Picasso shows some fresh and unfamiliar faces

Another Picasso exhibition? Yes, but this one is different - at least to Olle Granath, its organizer and director of the Moderna Museet here. For a start, he says, ``it's the first really large-size retrospective of Picasso's work in Sweden.''

``Large size'' it certainly is - an inspection of every period and preoccupation of the Spanish artist, who died in 1973. It moves through his early Lautrec-like work, his blue and rose periods, all the phases of Cubism, his 1920s classicism, his Surrealist-influenced work in the 1930s, and so on.
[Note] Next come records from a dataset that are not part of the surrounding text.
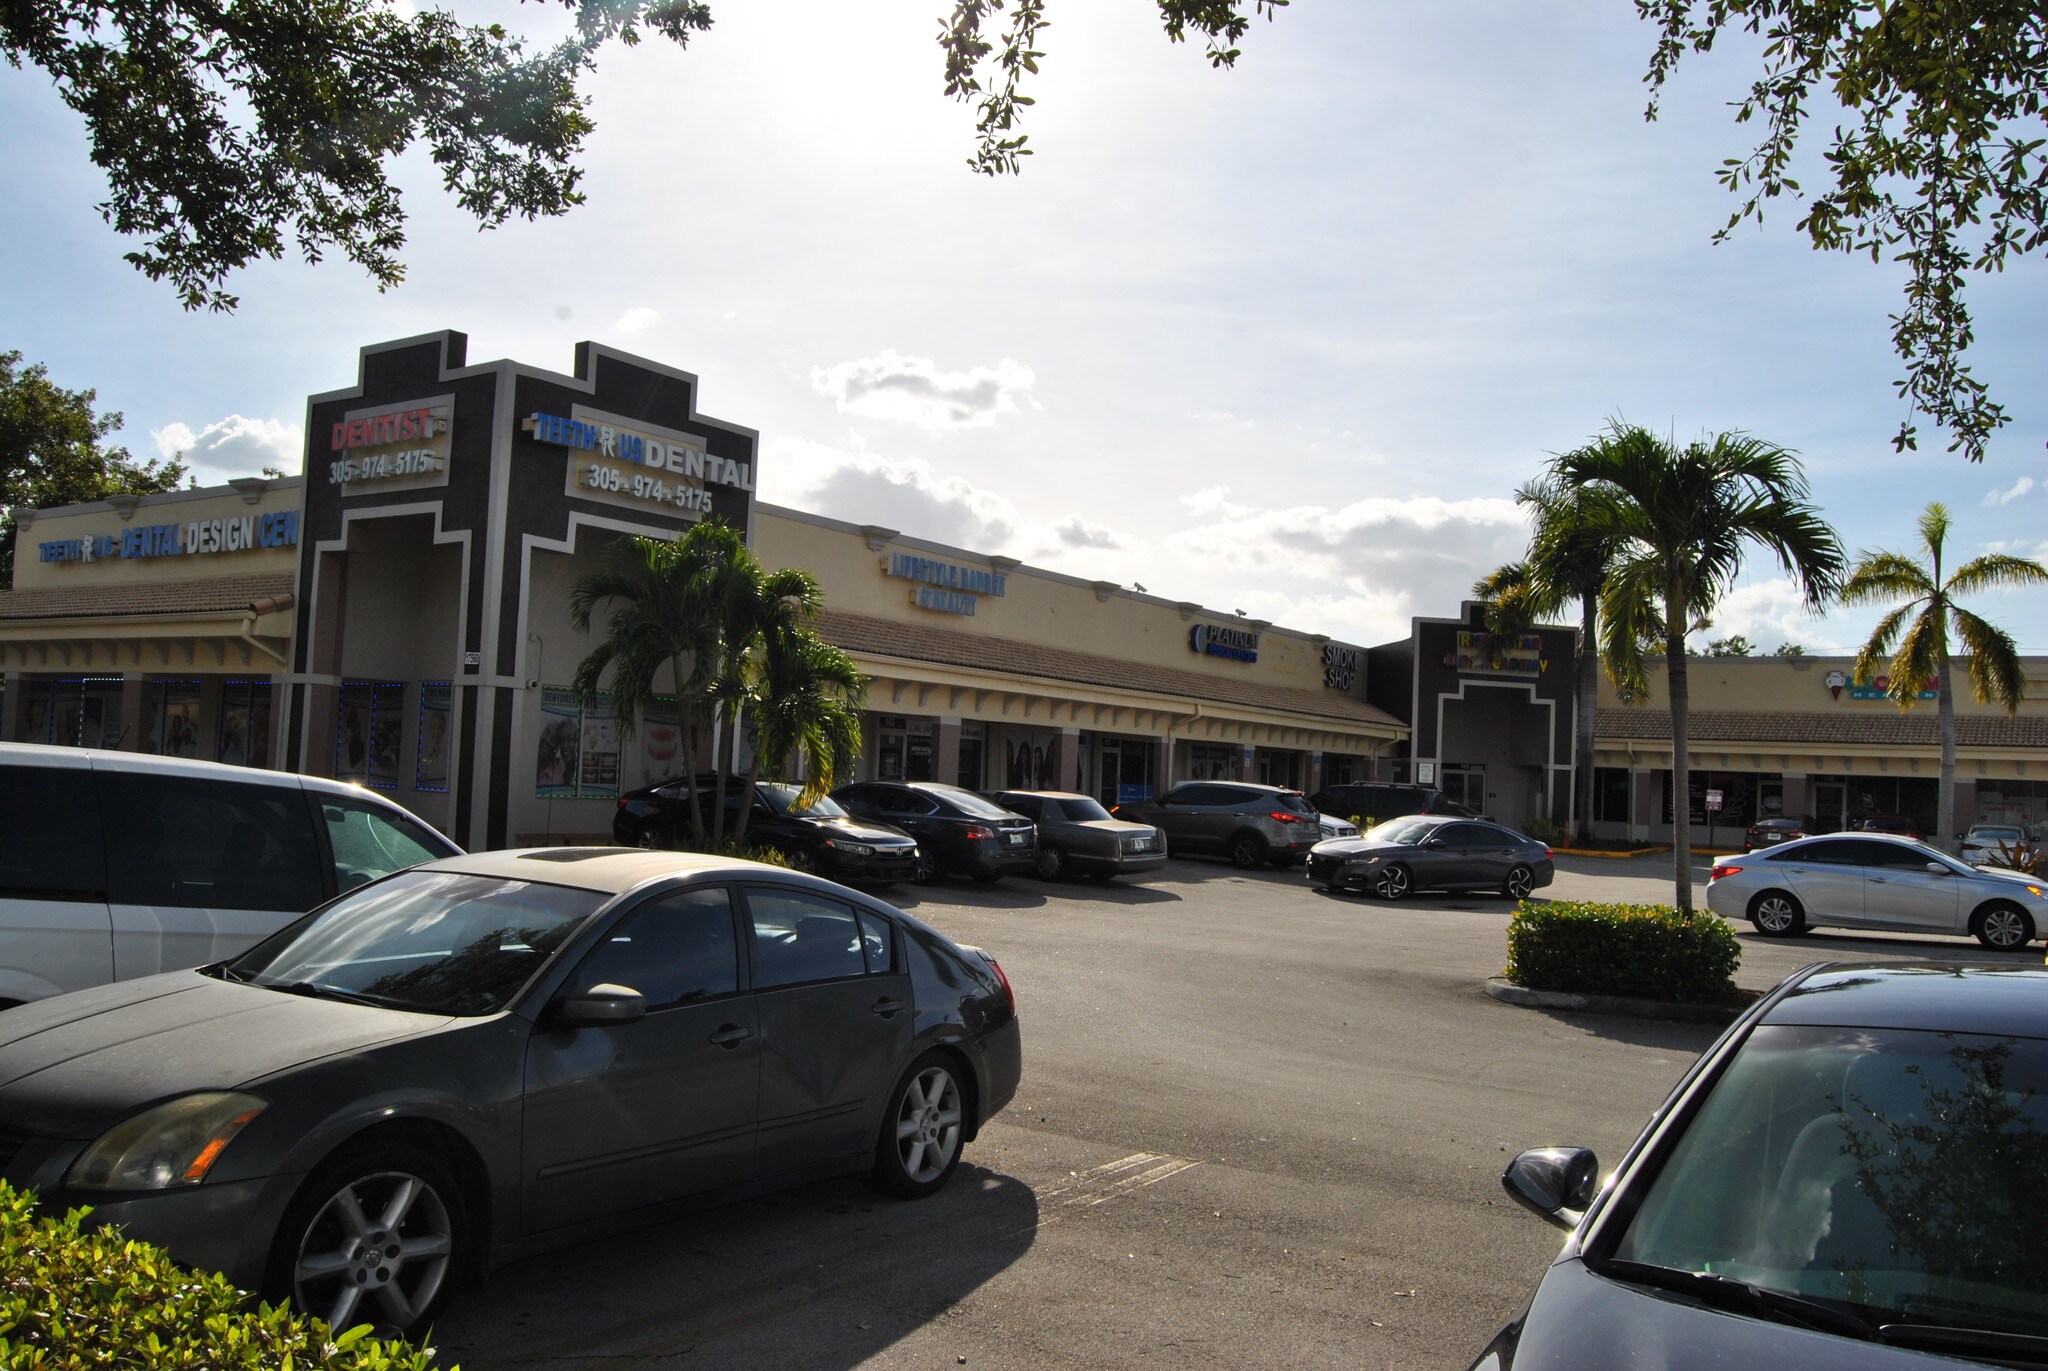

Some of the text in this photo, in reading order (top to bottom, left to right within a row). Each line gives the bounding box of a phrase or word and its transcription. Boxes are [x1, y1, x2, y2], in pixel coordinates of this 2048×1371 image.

[331, 408, 433, 450] DENTIST
[534, 413, 595, 451] TEETH
[620, 432, 643, 463] US
[645, 439, 756, 493] DENTAL
[39, 539, 80, 563] TEETH
[119, 523, 184, 560] DENTAL
[186, 514, 253, 555] DESIGN
[1208, 624, 1259, 650] PLATINUM
[1325, 645, 1360, 670] SMOKE
[1328, 668, 1356, 691] SHOP
[544, 691, 576, 705] DENTURES
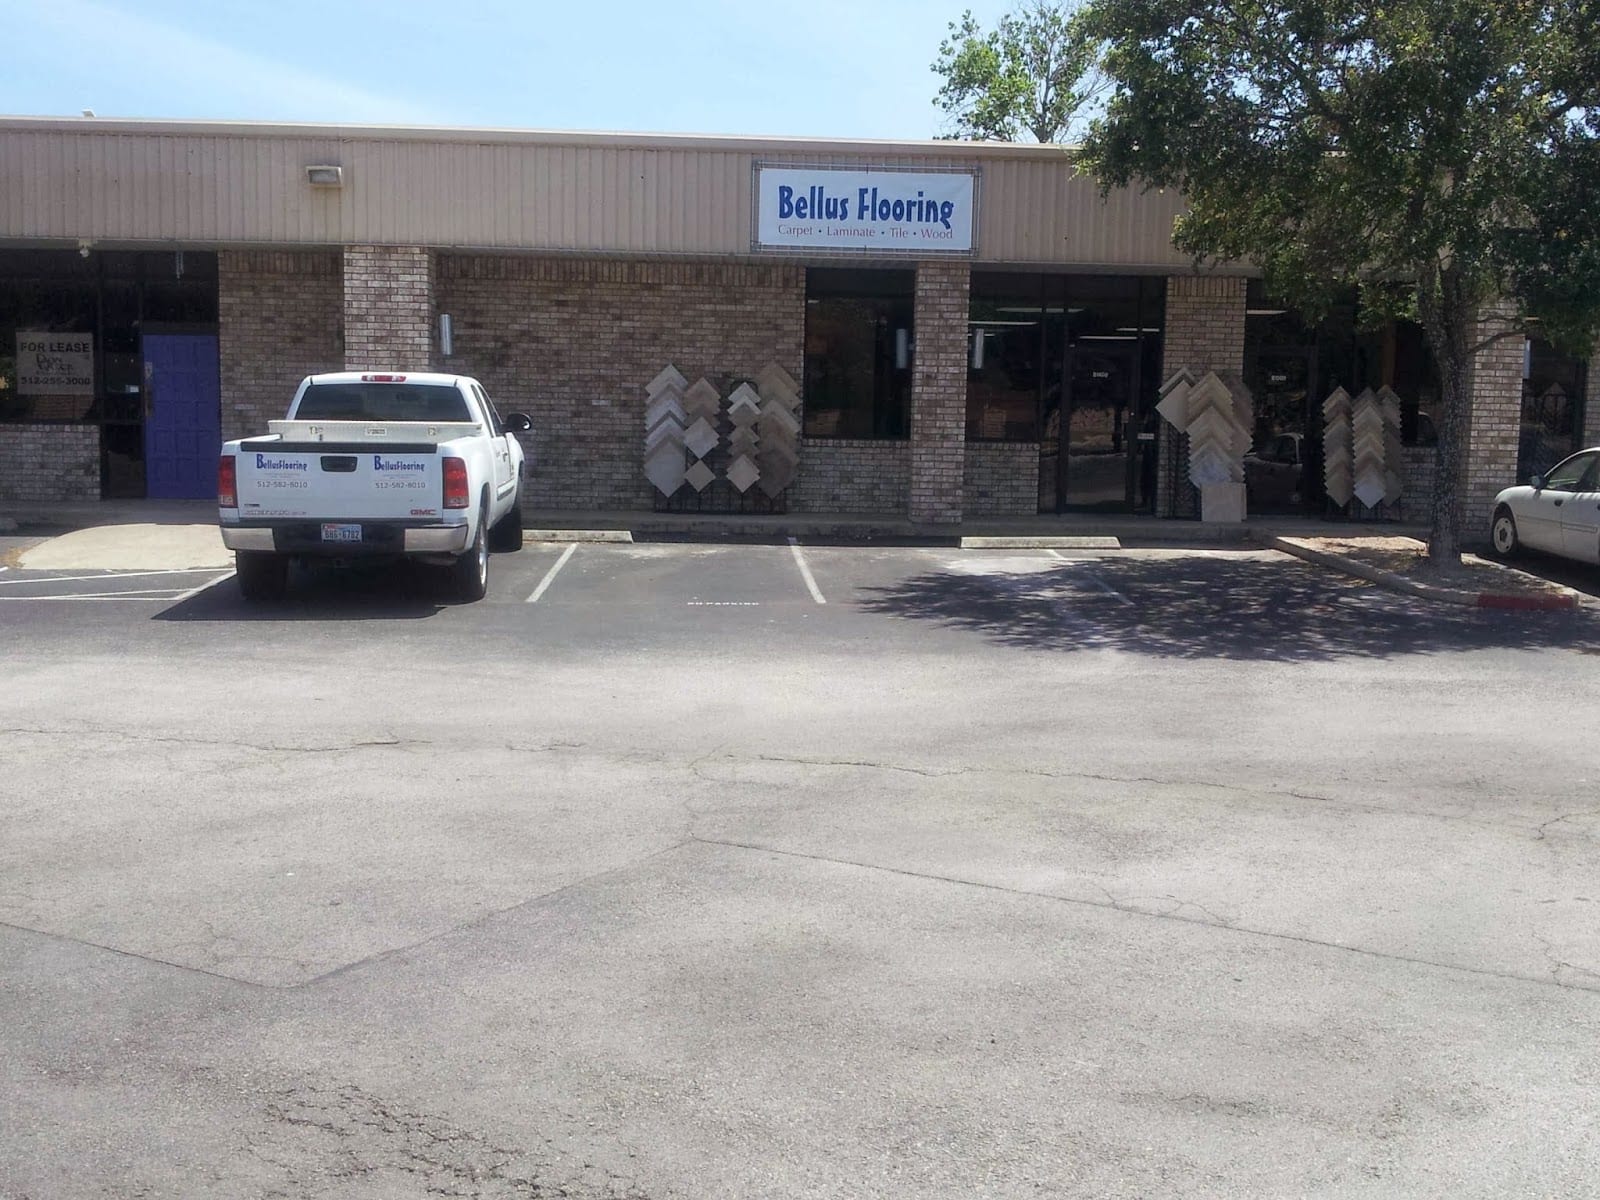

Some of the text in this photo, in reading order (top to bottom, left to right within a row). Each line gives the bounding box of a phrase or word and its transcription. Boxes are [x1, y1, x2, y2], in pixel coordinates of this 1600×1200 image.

[778, 185, 954, 230] Bellus Flooring
[778, 224, 953, 239] Carpet Laminate Tile Wood
[20, 342, 91, 353] FOR LEASE
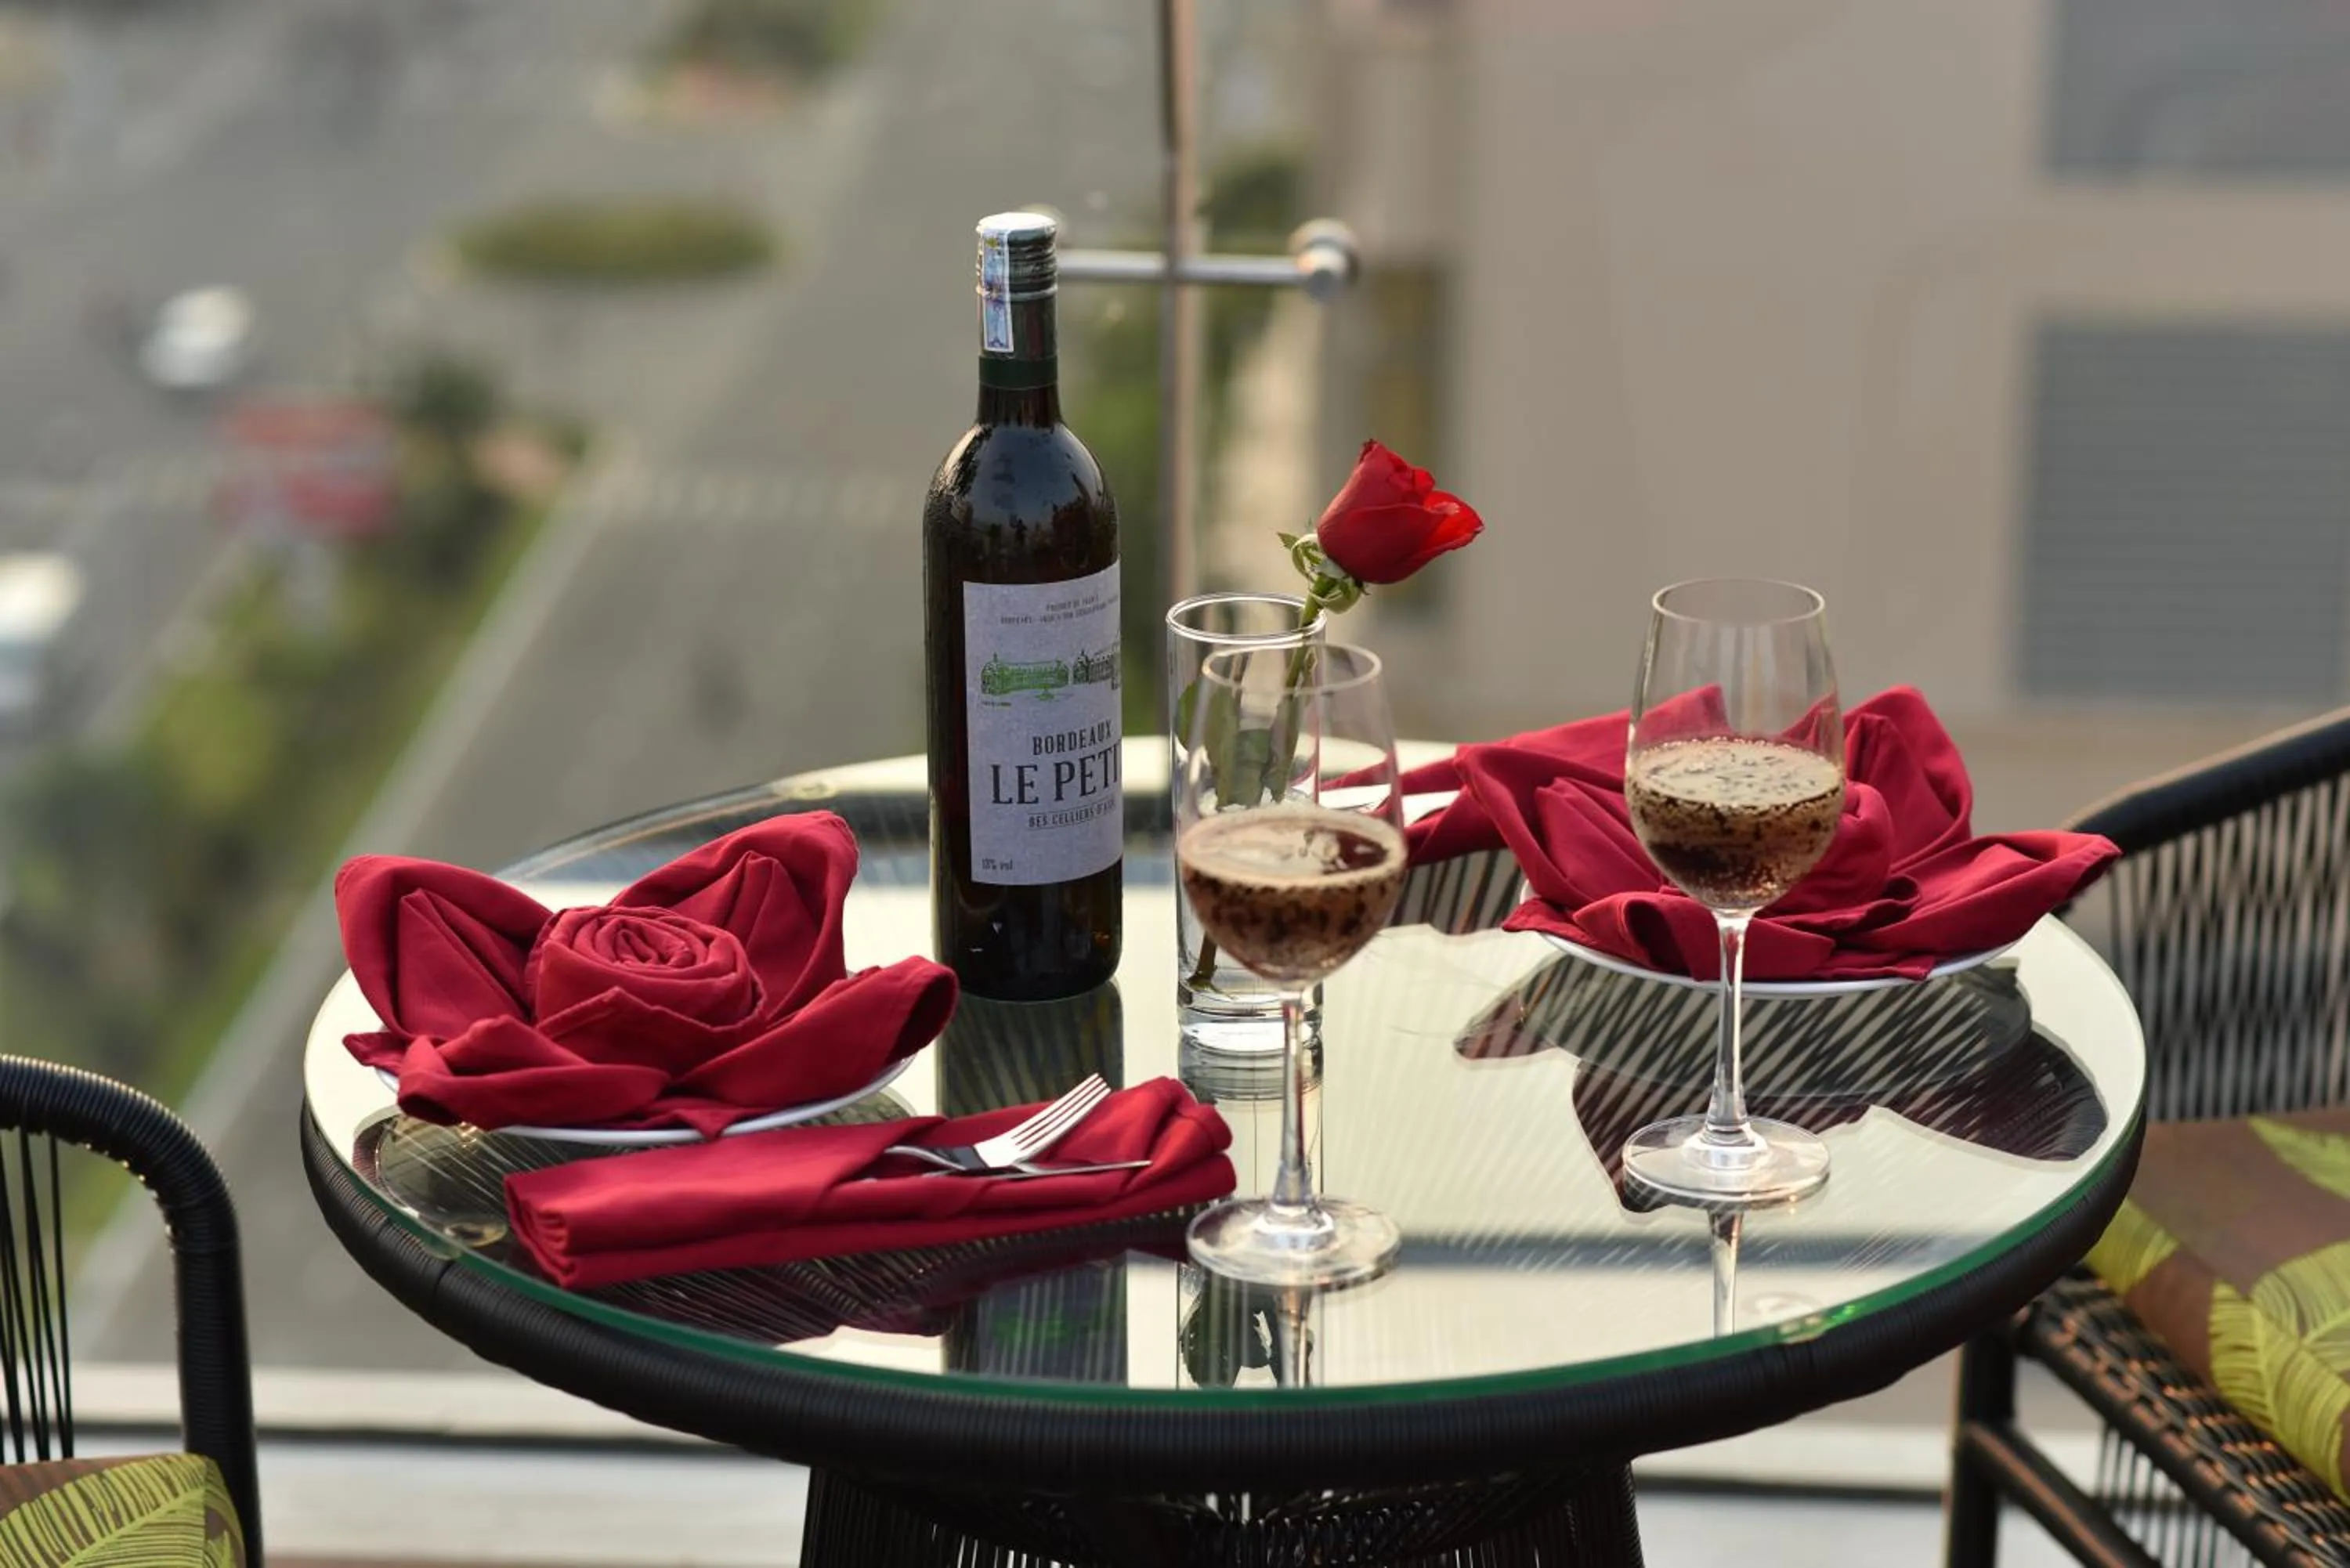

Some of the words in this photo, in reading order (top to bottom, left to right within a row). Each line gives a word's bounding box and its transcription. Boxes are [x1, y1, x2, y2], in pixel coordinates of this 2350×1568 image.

Throughout decades of work, Pablo Picasso explores his subjects - bullfighting, war, women, the work of other artists ancient and modern, the fascinating relationship of artist to model, still life, and even landscape - with an endless inventiveness.

It's basically a two-part show, with paintings in one area and drawings and prints in another. Sculpture is not ignored either, and a gallery of photographs, particularly of Picasso's late ``Jacqueline period,'' presents a rather happier view of that time than biographers suggest.

Matissian modes

A long, wide corridor-gallery containing his late works effectively dramatizes the expressive flowering of color and paint in his last 20 years, starting with a burst of freedom experienced in the early 1950s after that other star of modern art in Paris, Henri Matisse, had died. It's difficult to decide if this freedom to absorb and re-create Matissian modes is a late tribute from an admirer, or a kind of artistic greed to eat up a rival. What is strange, perhaps, is the restraint that Picasso - generally cavalier as a pilferer of ideas from other artists - apparently felt while Matisse lived.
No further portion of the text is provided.